## Task requirements
Type out the data again, word for word and in full.

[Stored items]

:::::

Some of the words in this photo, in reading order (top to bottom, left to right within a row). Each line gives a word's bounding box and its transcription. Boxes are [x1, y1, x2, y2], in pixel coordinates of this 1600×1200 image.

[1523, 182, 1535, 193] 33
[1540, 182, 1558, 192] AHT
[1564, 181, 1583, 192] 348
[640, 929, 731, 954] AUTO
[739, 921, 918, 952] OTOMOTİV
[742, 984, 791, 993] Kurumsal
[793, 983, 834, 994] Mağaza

:::::

## Response area
Some of the words in this photo, in reading order (top to bottom, left to right within a row). Each line gives a word's bounding box and its transcription. Boxes are [x1, y1, x2, y2], in pixel coordinates of this 1600×1200 image.

[1523, 182, 1535, 193] 33
[1540, 182, 1558, 192] AHT
[1564, 181, 1583, 192] 348
[640, 929, 731, 954] AUTO
[739, 921, 918, 952] OTOMOTİV
[742, 984, 791, 993] Kurumsal
[793, 983, 834, 994] Mağaza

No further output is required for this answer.